* [TASK DETAILS]
One exact copy of the listing is needed. It should contain no pictures.

* [AVAILABLE DATA]
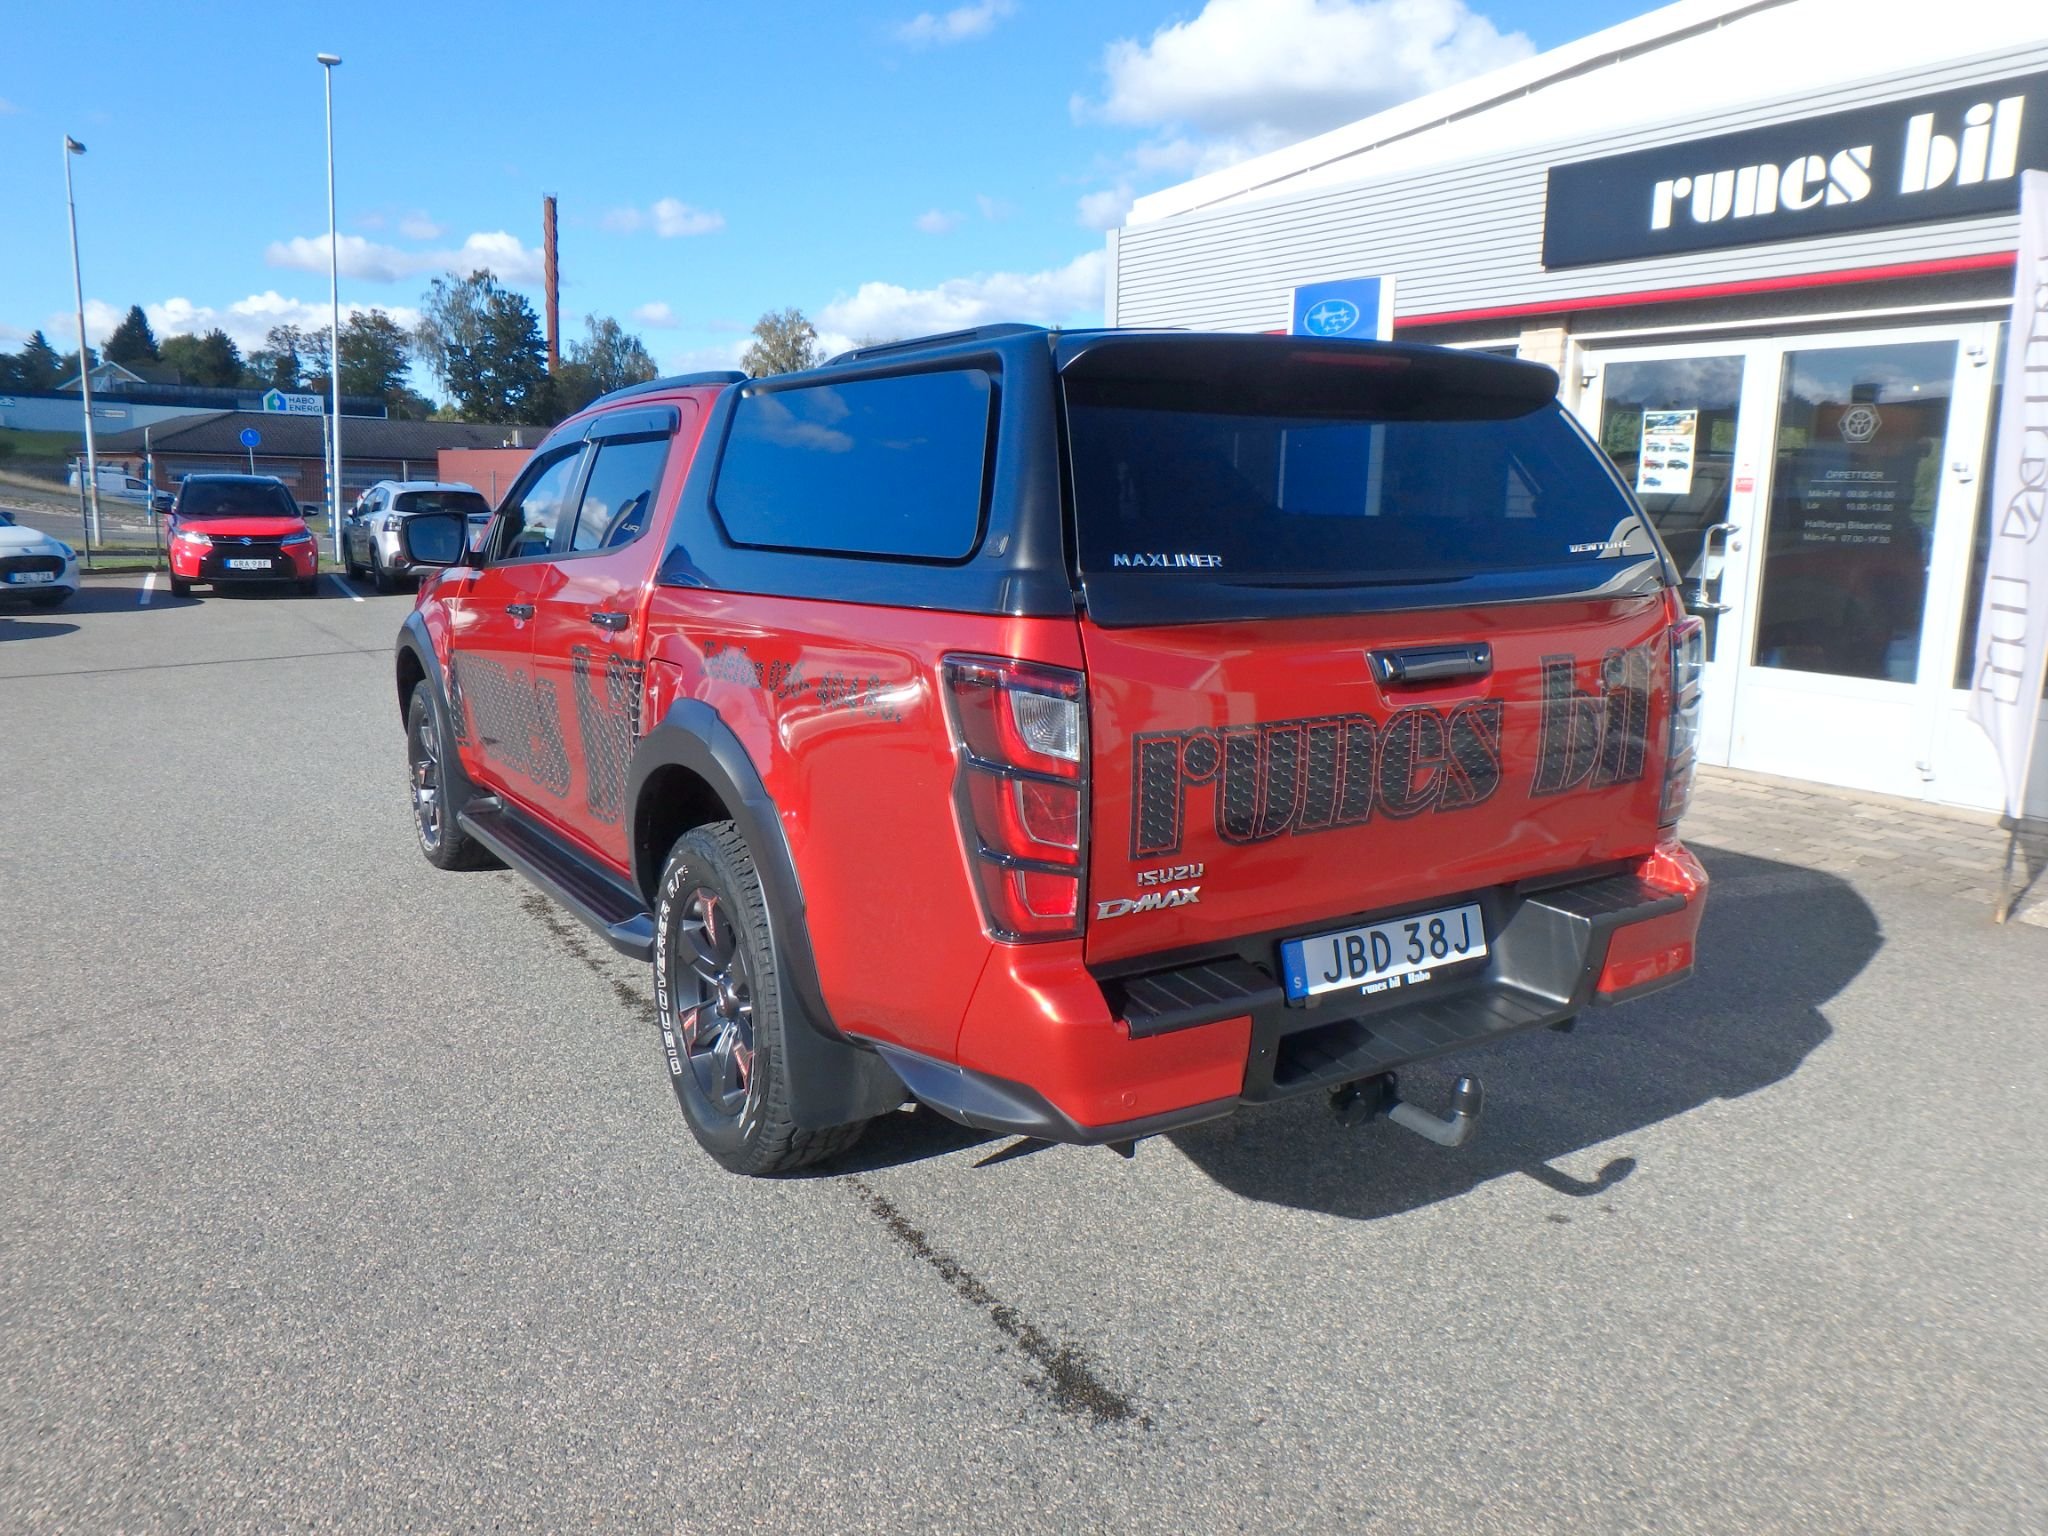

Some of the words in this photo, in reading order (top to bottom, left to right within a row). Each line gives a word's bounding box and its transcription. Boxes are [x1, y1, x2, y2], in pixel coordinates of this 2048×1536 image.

[1651, 145, 1873, 230] runes
[1900, 95, 2026, 194] bil
[1113, 553, 1223, 567] MAXLINER
[1569, 539, 1633, 553] VENTURE
[233, 560, 250, 568] GRA
[1129, 698, 1504, 861] runes
[1528, 645, 1650, 799] bil
[1137, 863, 1204, 887] ISUZU
[1096, 886, 1201, 920] D-MAX
[1293, 977, 1303, 989] S
[1323, 930, 1391, 984] JBD
[1403, 912, 1470, 964] 38J
[656, 900, 682, 1075] DISCOVERER
[1361, 981, 1388, 996] runes
[1388, 975, 1401, 989] bil
[1407, 970, 1431, 985] Habo
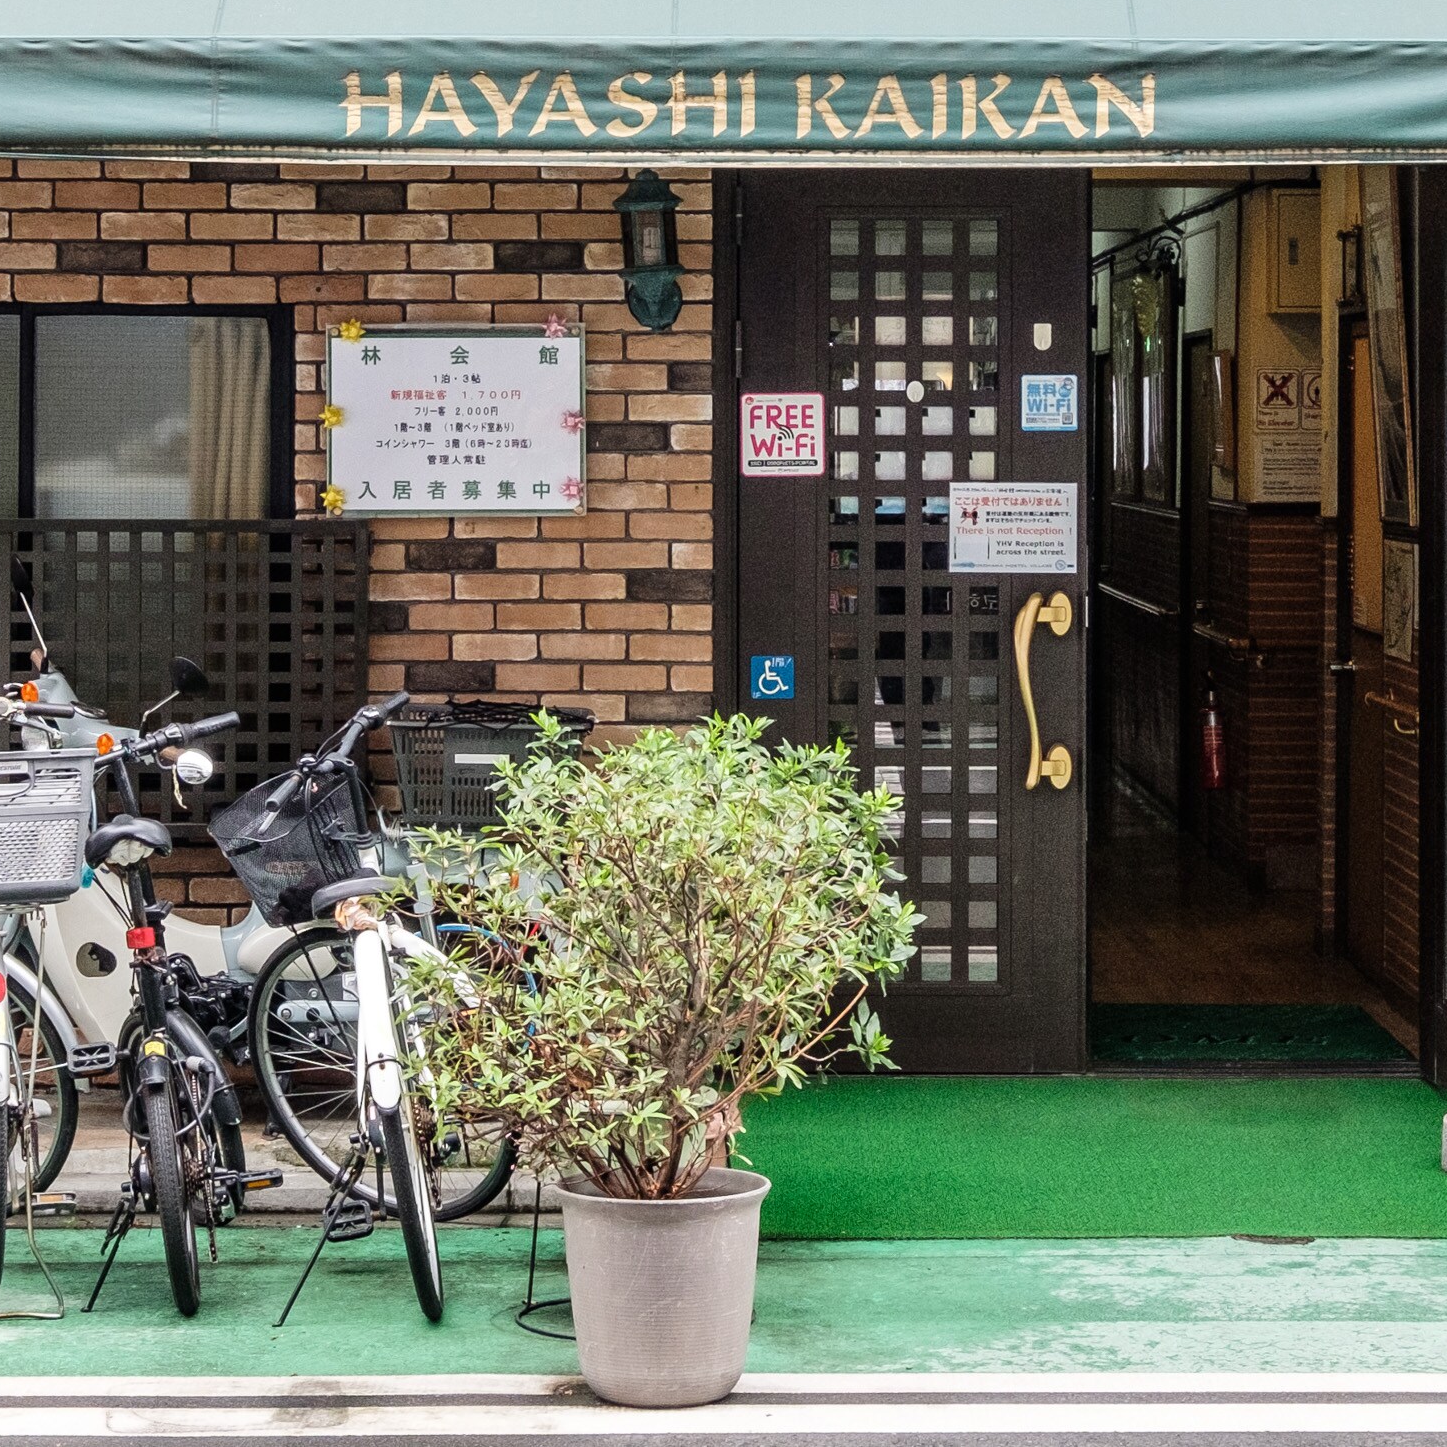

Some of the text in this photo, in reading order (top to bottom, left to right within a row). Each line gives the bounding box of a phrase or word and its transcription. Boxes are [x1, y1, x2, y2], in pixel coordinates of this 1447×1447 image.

* [FINAL ANSWER]
Some of the words in this photo, in reading order (top to bottom, left to right within a row). Each line gives a word's bounding box and its transcription. Boxes are [x1, y1, x2, y2], in pixel coordinates of this 2048×1536 image.

[1651, 145, 1873, 230] runes
[1900, 95, 2026, 194] bil
[1113, 553, 1223, 567] MAXLINER
[1569, 539, 1633, 553] VENTURE
[233, 560, 250, 568] GRA
[1129, 698, 1504, 861] runes
[1528, 645, 1650, 799] bil
[1137, 863, 1204, 887] ISUZU
[1096, 886, 1201, 920] D-MAX
[1293, 977, 1303, 989] S
[1323, 930, 1391, 984] JBD
[1403, 912, 1470, 964] 38J
[656, 900, 682, 1075] DISCOVERER
[1361, 981, 1388, 996] runes
[1388, 975, 1401, 989] bil
[1407, 970, 1431, 985] Habo

Some of the text in this photo, in reading order (top to bottom, left to right within a row). Each line gives the bounding box of a phrase or word and its transcription. Boxes are [x1, y1, x2, y2], in pixel coordinates of this 1447×1447 image.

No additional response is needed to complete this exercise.